SUMMARY
Based on the latest economic data, the US labor market appears to be gradually slowing down, with the job count declining from the prior month. However, the March report was still considered strong overall. Although wage growth inched up, it did so at the slowest pace in 20 months, and consumer confidence in the housing market remains near historic lows. Despite mortgage rates trending lower, mortgage applications have dipped, and construction spending continues to be dragged down by weak residential sectors. Nevertheless, the labor market is not collapsing, and hiring remains solid.
US Economy Shows Signs of Slowing, But Labor Market Still Strong: March Jobs Report Analysis
Labor market shows signs of slowing down: Despite a slight decline in job count from the previous month, the March jobs report still had some good news. Wages increased slightly, labor force participation rose to the highest level since March 2020, and unemployment dropped to 3.5%. This news may prompt the Fed to raise the fed funds rate by an additional 25bps in their next meeting in May. However, consumer confidence in the housing market remains low, which suggests that the market will likely see a more gradual recovery as it enters the spring homebuying season.
Consumer confidence in housing market remains low: Although the Fannie Mae Home Purchase Sentiment Index bounced back in March after a dip in February, consumer confidence in buying homes remains low. While some components of the index improved, most consumers still believe it’s a bad time to buy a home. This could result in home sales remaining subdued in the coming months.

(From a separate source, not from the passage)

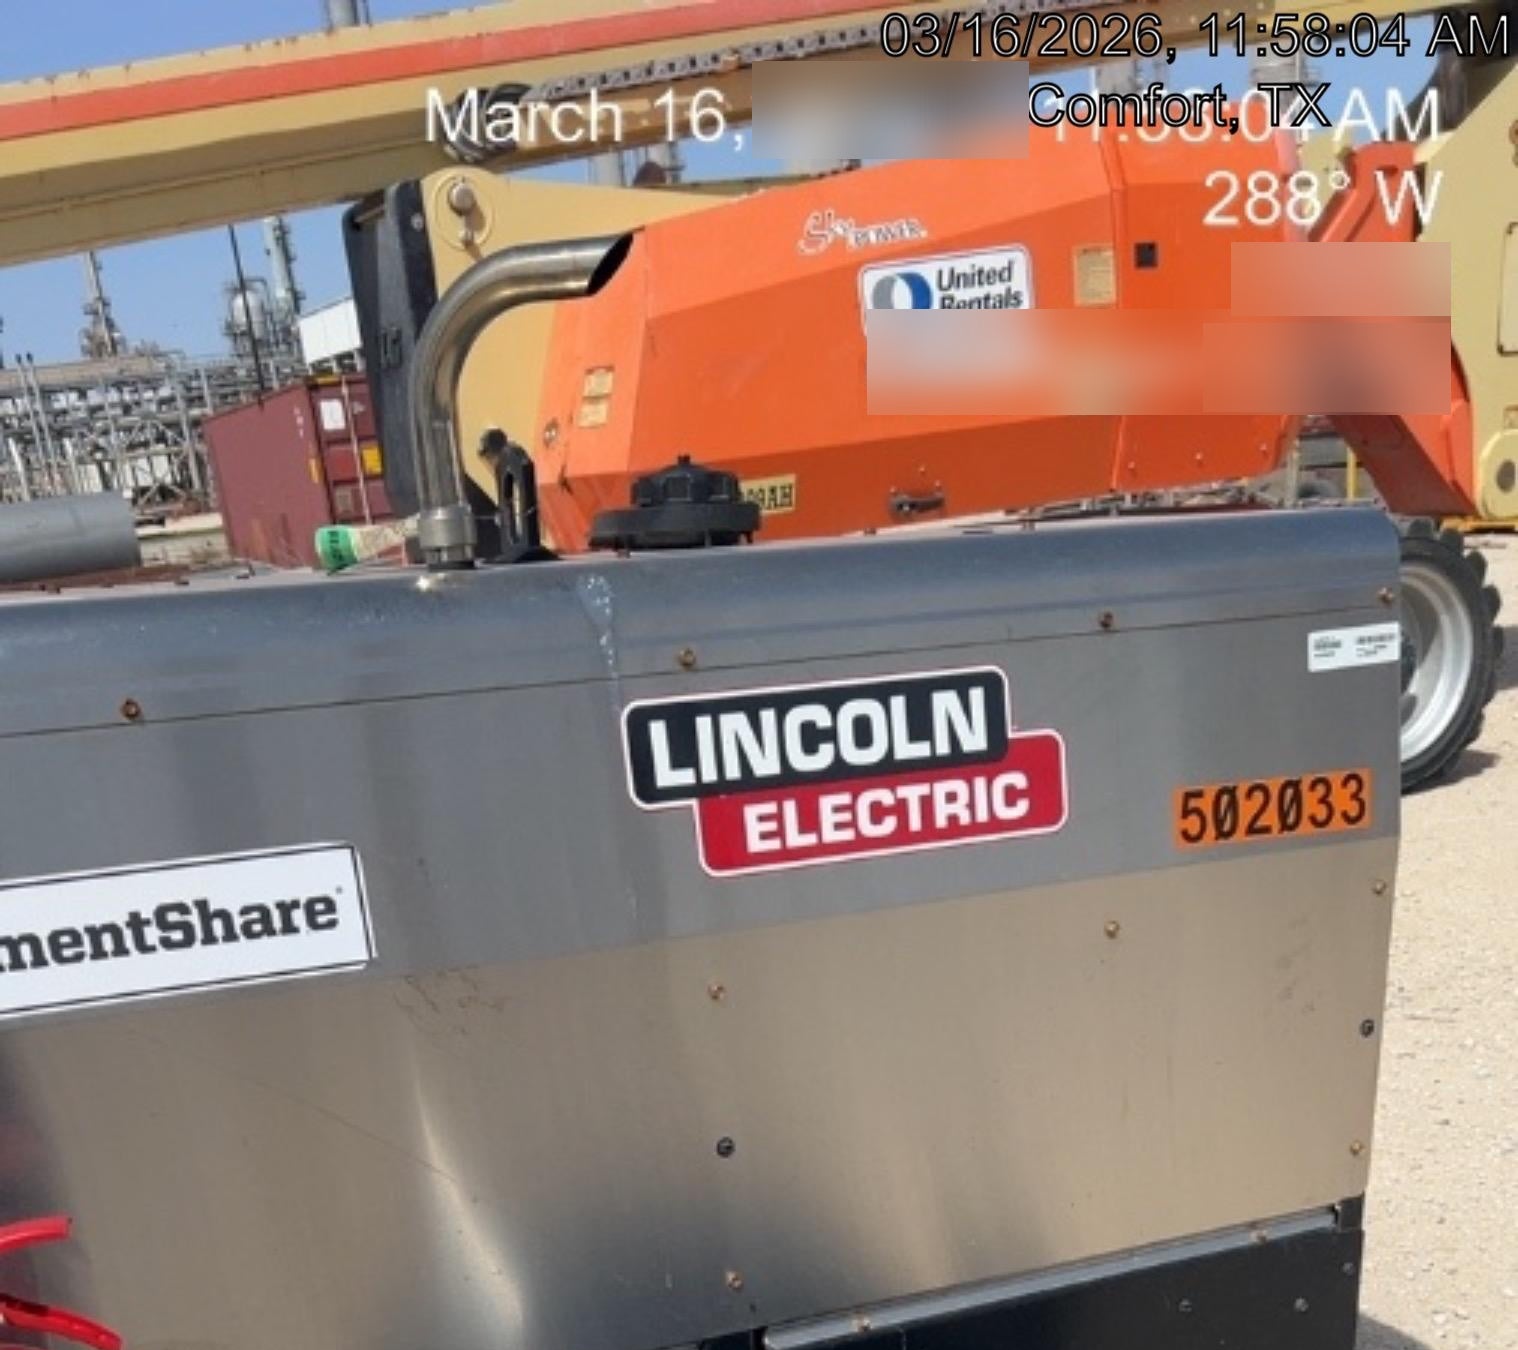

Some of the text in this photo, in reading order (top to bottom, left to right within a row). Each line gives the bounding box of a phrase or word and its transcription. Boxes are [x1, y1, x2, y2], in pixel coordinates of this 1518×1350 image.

Mortgage applications dip despite lower mortgage rates: Mortgage application volume decreased in late March despite lower mortgage rates. Applications for both home purchases and refinancing dipped after increasing for four consecutive weeks. This could be due to the low inventory of homes for sale, which continues to be a challenge as we enter the traditional spring homebuying season.
“Low inventory of homes for sale, however, will continue to be a challenge as we enter the traditional spring homebuying season.”
Construction spending dragged down by single-family construction: While total construction spending in February remained above last year’s level, it fell month-to-month from January. Residential spending declined for the ninth consecutive month, with single-family construction spending declining year-over-year for the tenth consecutive month. This decline in single-family construction spending offset the growth in multifamily construction and home improvement. Spending on single-family construction was 21.4% lower than a year ago due to high interest rates weighing down on the housing market.
Hiring in the U.S. economy is slowing but not collapsing: While the labor market continued to advance in March, it did so at a slower pace than the previous two months. The gain in net new jobs was the smallest in over two years. Wage growth continued to cool, with average hourly earnings growing the smallest amount since July 2021. However, with roughly 4.1 million more job openings than workers seeking employment, the path toward improving prices remains gradual.
Construction job openings trend lower as backlog is reduced: Although open construction jobs increased from January to February, they remained below the series high in December 2022. While this increase reflects developers’ optimism in the housing market, weak home sales in the coming months could slow the momentum and cool down the construction job market further.